═══ Material to process
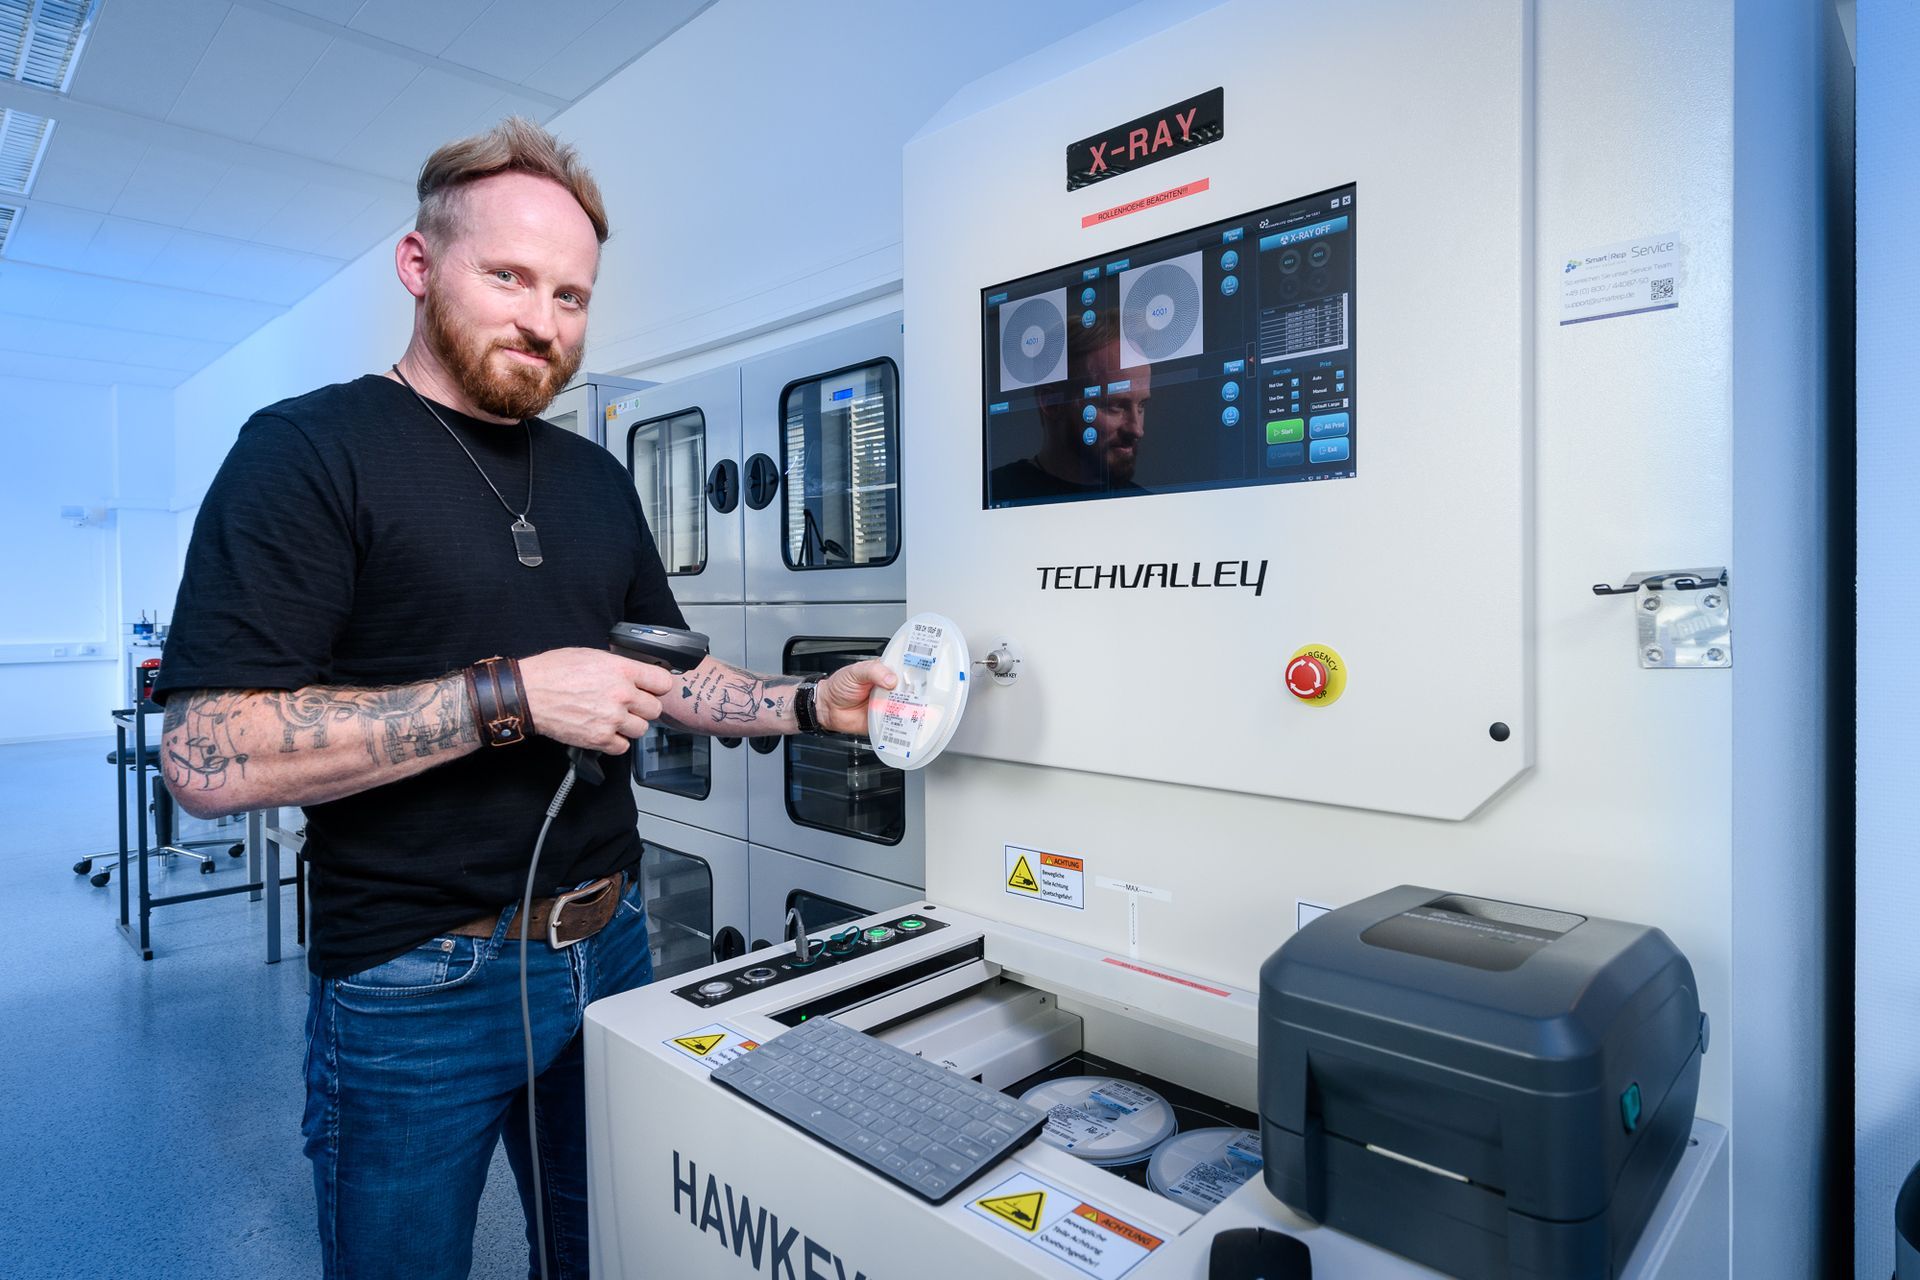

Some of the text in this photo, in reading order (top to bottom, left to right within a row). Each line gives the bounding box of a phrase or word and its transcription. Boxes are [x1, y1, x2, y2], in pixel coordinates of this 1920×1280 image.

[1089, 107, 1197, 176] X-RAY
[1098, 187, 1189, 221] ROLLENHOEHE BEACHTEN!!!
[1290, 224, 1331, 243] X-RAY OFF
[1585, 241, 1674, 265] Smart Rep Service
[1025, 307, 1168, 346] 4001 4001
[1036, 559, 1268, 597] TECHVALLEY
[1303, 650, 1338, 672] RGENCY
[1042, 869, 1065, 879] Bewegliche
[1053, 858, 1080, 869] ACHTUNG
[1052, 882, 1069, 891] Achtung
[1125, 883, 1140, 893] MAX
[1101, 1217, 1152, 1246] ACHTUNG
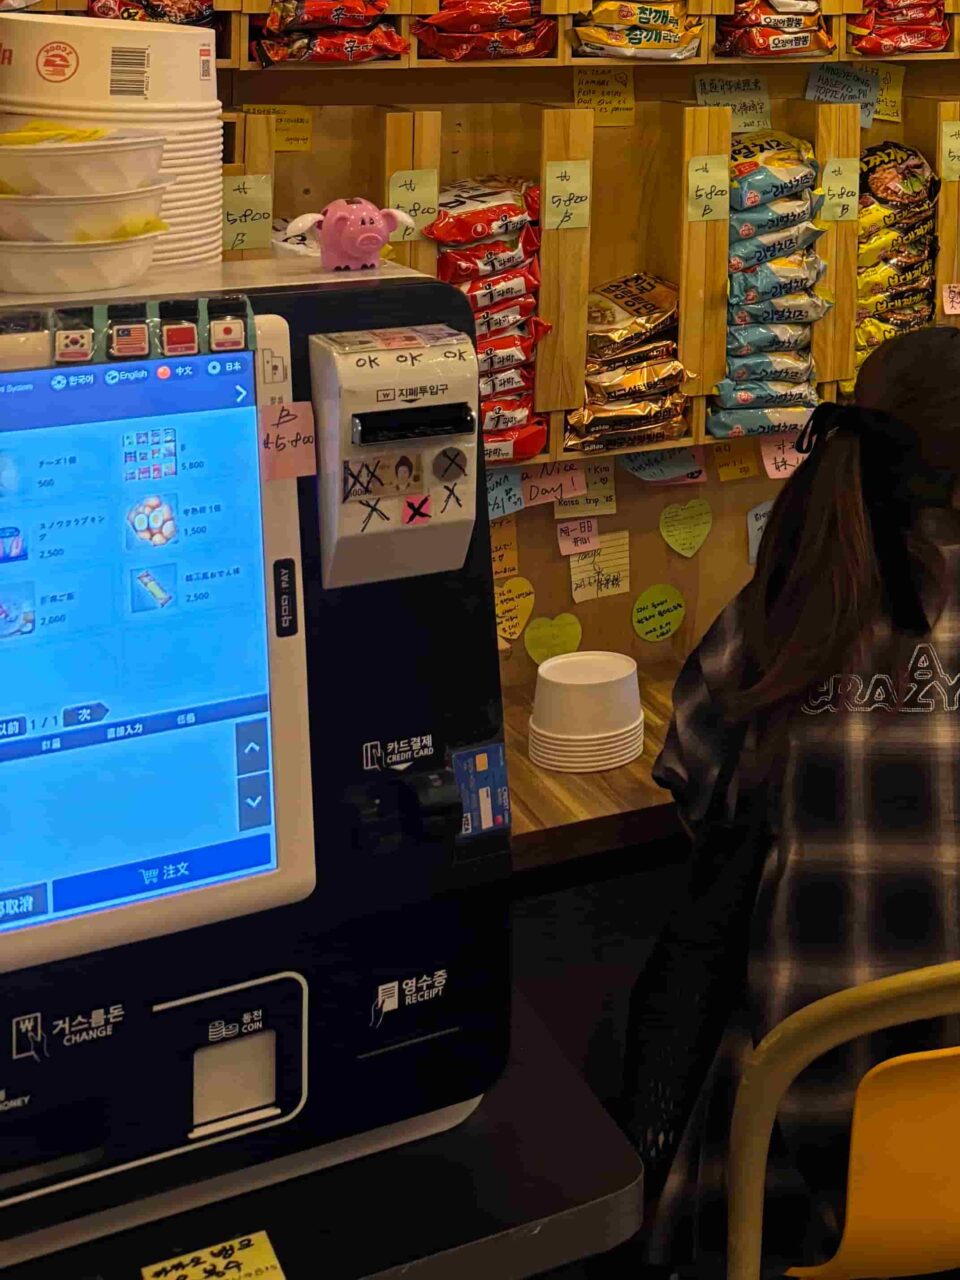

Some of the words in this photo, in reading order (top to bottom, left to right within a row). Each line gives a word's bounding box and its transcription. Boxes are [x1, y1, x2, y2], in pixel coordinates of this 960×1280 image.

[356, 355, 380, 368] OK
[396, 351, 424, 367] OK
[444, 349, 468, 362] OK
[120, 368, 148, 381] English
[176, 366, 193, 377] 中文
[225, 361, 242, 372] 日本
[69, 374, 94, 387] 한국어
[398, 383, 448, 399] 지폐투입구
[78, 708, 91, 721] 次
[387, 734, 433, 753] 카드결제
[386, 750, 413, 763] CREDIT
[413, 747, 434, 758] CARD
[163, 861, 190, 880] 注文
[402, 970, 448, 995] 영수증
[404, 986, 444, 1006] RECEIPT
[52, 1004, 125, 1036] 거스름돈
[241, 1021, 263, 1034] COIN
[63, 1024, 113, 1047] CHANGE
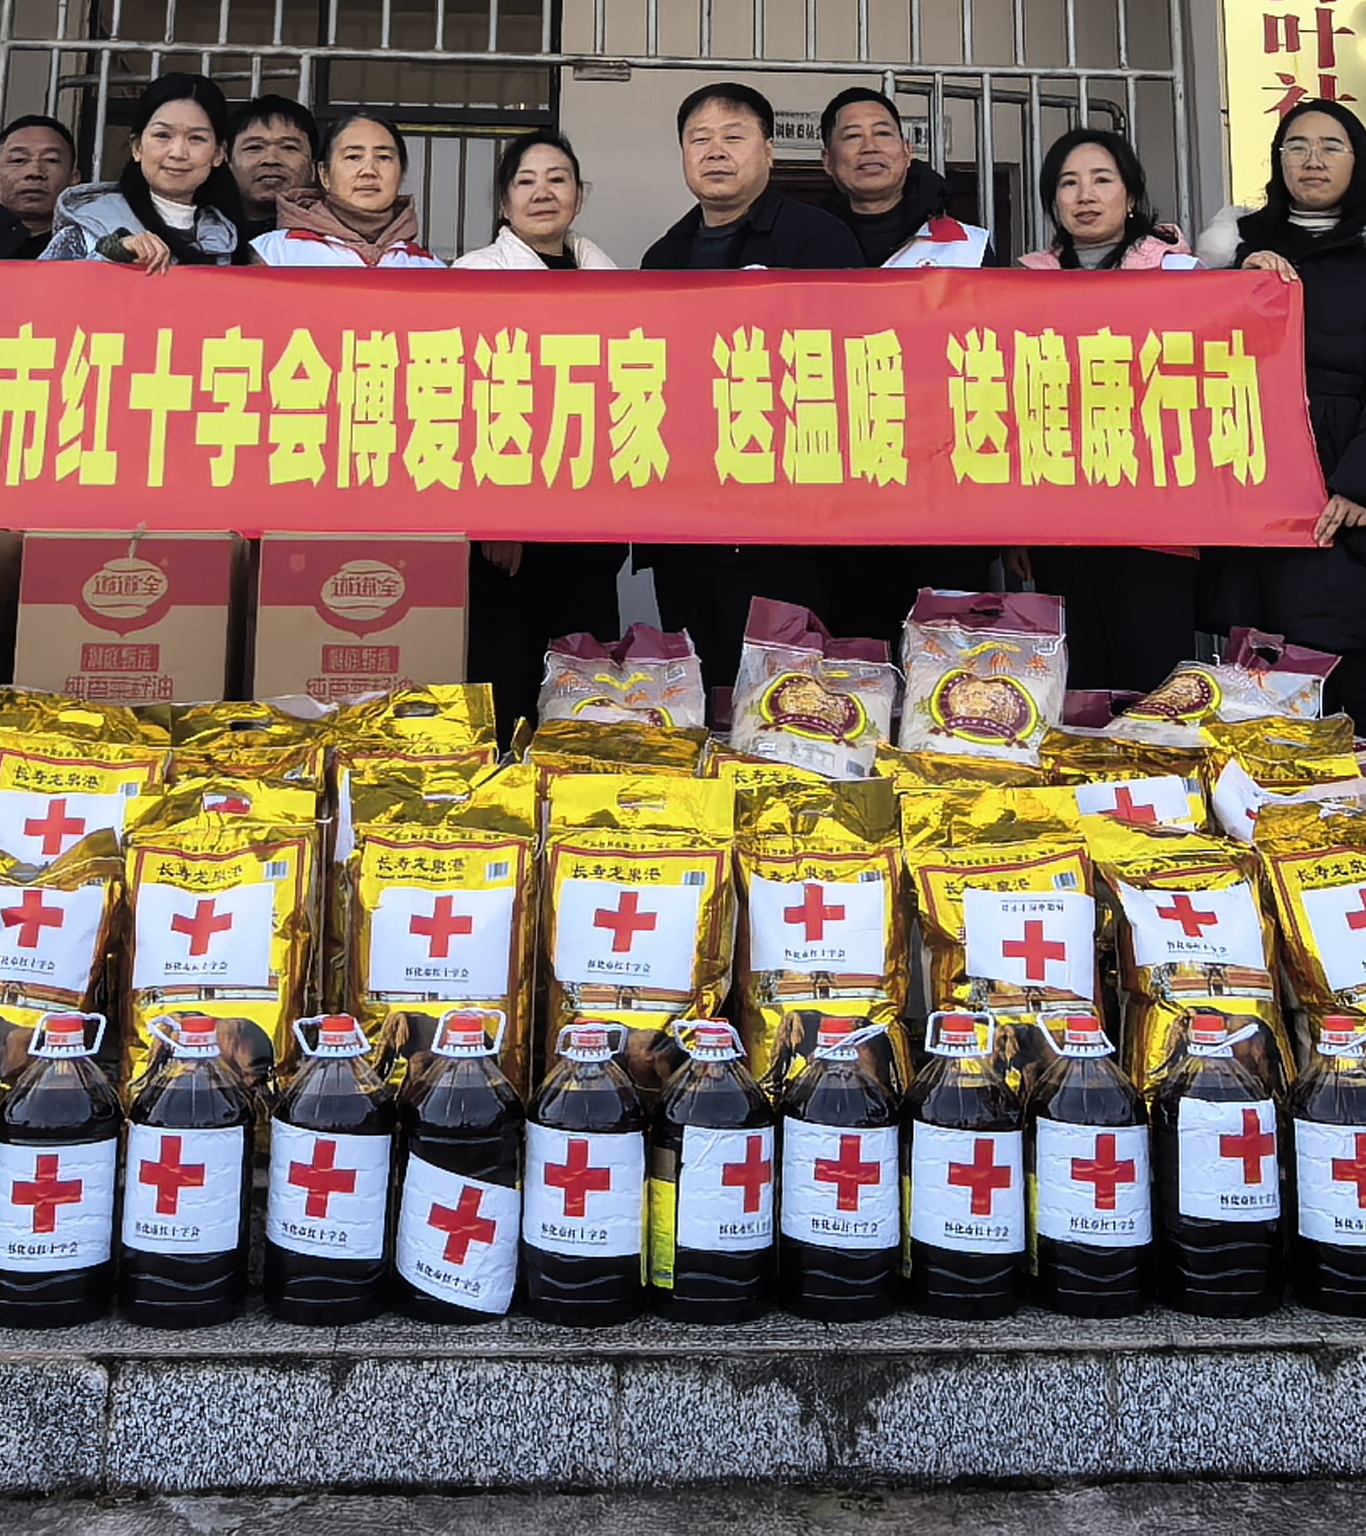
══════
Assigned task
Please retype only the lines from the line that holds "Some of the words" through the end of the records, exactly as they stand, and drop every picture.

Result of the task
Some of the words in this photo, in reading order (top to bottom, left to right within a row). Each line gives a word's bounding box and its transcription. Boxes are [x1, y1, x2, y2], in pixel coordinates of this 960×1280 image.

[356, 355, 380, 368] OK
[396, 351, 424, 367] OK
[444, 349, 468, 362] OK
[120, 368, 148, 381] English
[176, 366, 193, 377] 中文
[225, 361, 242, 372] 日本
[69, 374, 94, 387] 한국어
[398, 383, 448, 399] 지폐투입구
[78, 708, 91, 721] 次
[387, 734, 433, 753] 카드결제
[386, 750, 413, 763] CREDIT
[413, 747, 434, 758] CARD
[163, 861, 190, 880] 注文
[402, 970, 448, 995] 영수증
[404, 986, 444, 1006] RECEIPT
[52, 1004, 125, 1036] 거스름돈
[241, 1021, 263, 1034] COIN
[63, 1024, 113, 1047] CHANGE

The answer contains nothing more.